Отчеканивая слова, резким и безжалостным голосом он требовал, чтобы мы вместе с ним оскорбились низостью грязного поругания его чести. Быть может, "требовал" - это не совсем точно. Он хотел, чтобы мы поняли: брань, которой облил его Жданов, непереносима и для нас.

Мне казалось: он не сомневался, что мы поймем. Его речь была заряжена силой необычайной мощи. Мощью непривычного тогда еще для нас человеческого достоинства, духовной и душевной прозрачности и одновременно такой детской незащищенности, что, слушая его, невозможно было удержаться от спазма в горле.

Я не видел лиц писателей, они сидели спиной, затылками ко мне, - я стоял в конце переполненного зала в центральном проходе, судорожно заглатывая слезы. Восхищение гордостью Михаила Михайловича, его бесстрашием, и безумная жалость к нему, к его одиночеству, и желание броситься к нему на помощь - все это сплавилось воедино пламенем его чистоты. И я нисколько не сомневался, что весь зал сейчас опален им.

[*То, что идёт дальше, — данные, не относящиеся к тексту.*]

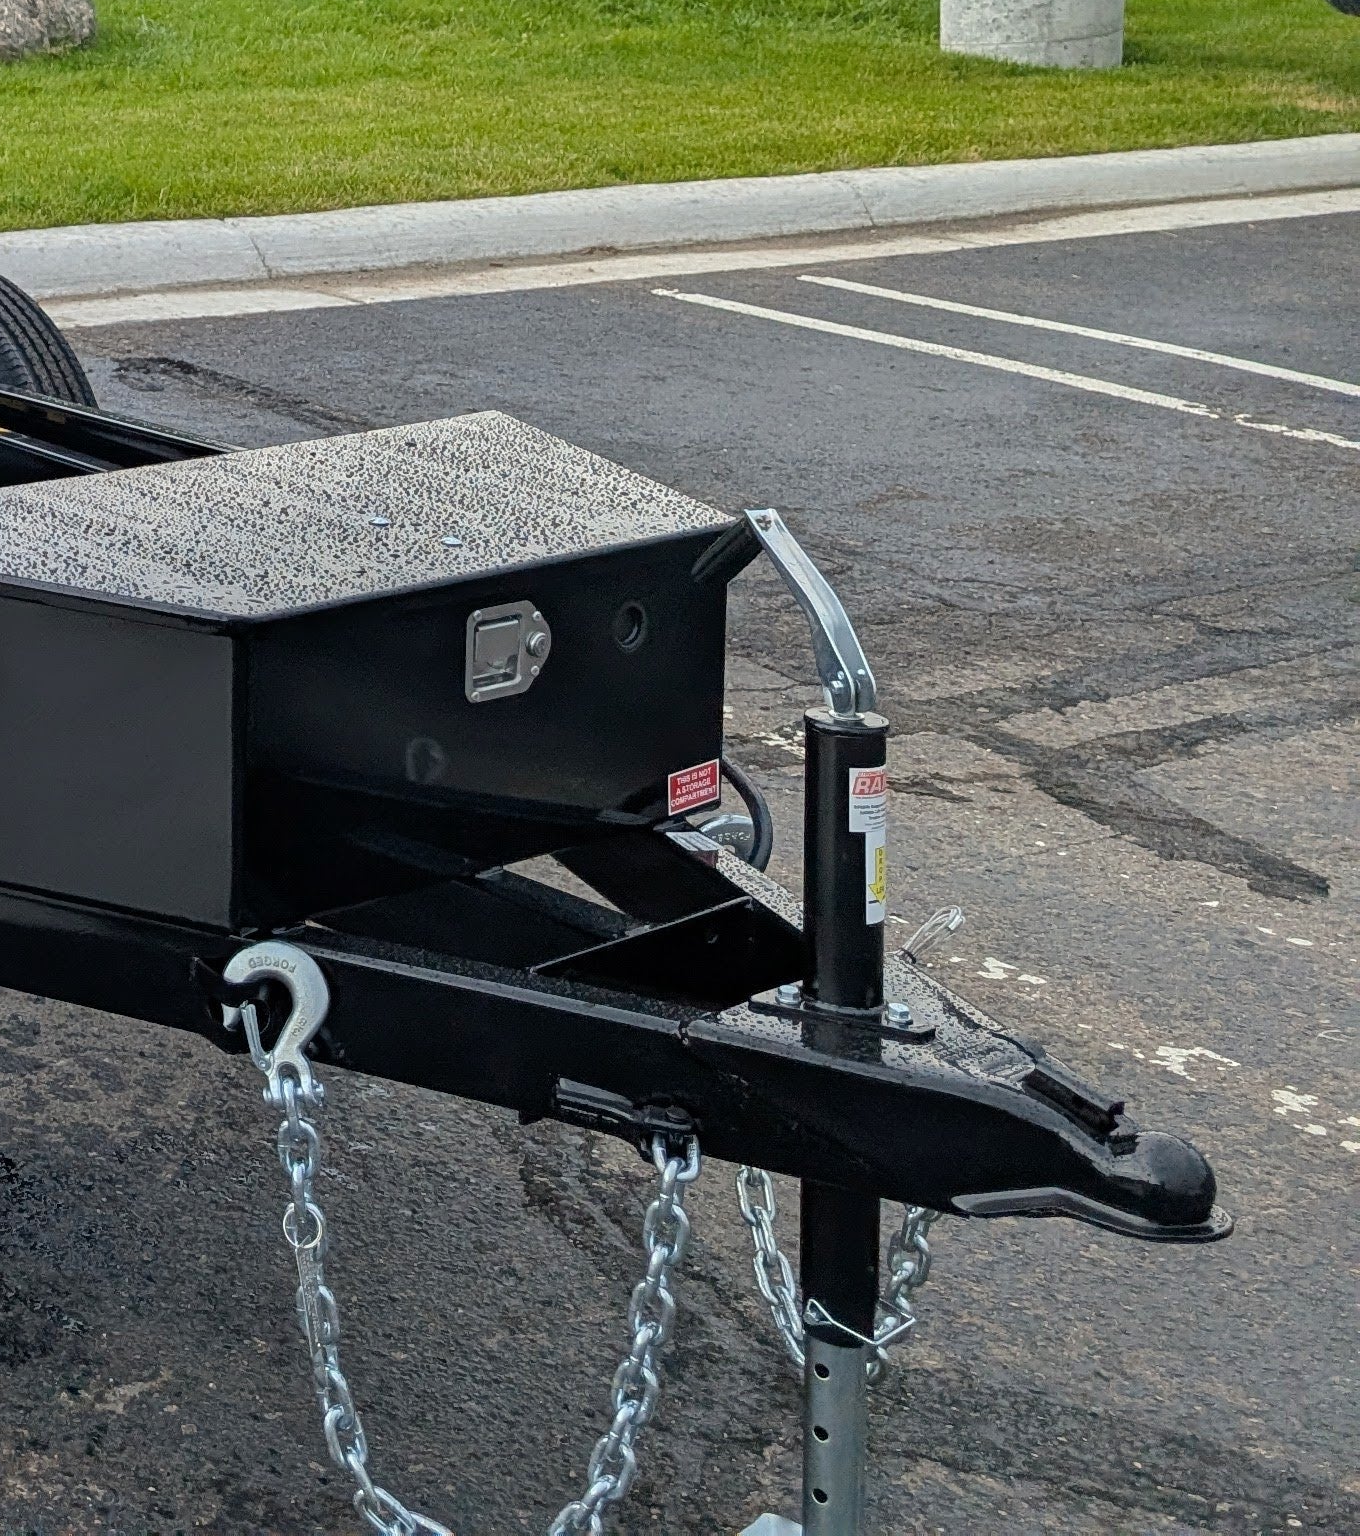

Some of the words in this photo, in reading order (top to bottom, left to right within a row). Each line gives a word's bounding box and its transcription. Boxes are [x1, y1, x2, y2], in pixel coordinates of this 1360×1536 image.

Тем временем обморочная тишина в зале постепенно становилась иной. Я этого не ощутил. Единство со всеми переполняло меня, продолжало переполнять.

А Зощенко видел лица писателей. И прочитав на них то, что там было изображено, внезапно оборвал свою речь и произнес:

- Не надо мне вашего снисхождения, не надо мне вашего Друзина...

Махнув рукой, сошел с трибуны и двинулся к двери со сцены.

Почувствовав, что наступил миг, когда нам надо немедленно поддержать его, я зааплодировал, уверенный - сию же секунду мои аплодисменты будут подхвачены залом.

В полной, и теперь уже гнетущей, тишине жалко прозвучал мой одинокий хлопок.

На меня обернулись. Все скопом обернулись.

И тогда, уже поняв всю глубину моего идиотского заблуждения, я захлопал изо всех сил в каком-то восторге отчаяния...

Более тридцати лет не возникало у меня охоты рассказывать об этом писательском собрании. Не вспоминал о нем потому, что опасался выглядеть уж слишком нескромно-прозорливым: вот, дескать, один-единственный отважился - и угадал.

А ведь, по правде, ничуть не отважился. Вполне вероятно, что если бы мне загодя была известна сиротская единственность моего аплодисмента и все, что за ним для меня воспоследует, то никогда бы на него не расхрабрился.

В том-то и дело, - снова повторю! - что я был совершенно убежден: исповедь Зощенко растопит ржавое сердце нашего зала и, уж во всяком случае, Михаила Михайловича поддержит множество наших общих милейших, добрейших, совершенно порядочных друзей.

Фамилий называть не стану, почти никого из тех, на кого мог я тогда, пусть подсознательно, надеяться, уже давно нет в живых.

Собрание длилось долго. И на этот раз Зощенко был изничтожен окончательно.

Попутно, особо не задерживаясь, председательствующий Всеволод Кочетов произнес какую-то презрительно-осуждающую фразу о той личности, что посмела аплодировать.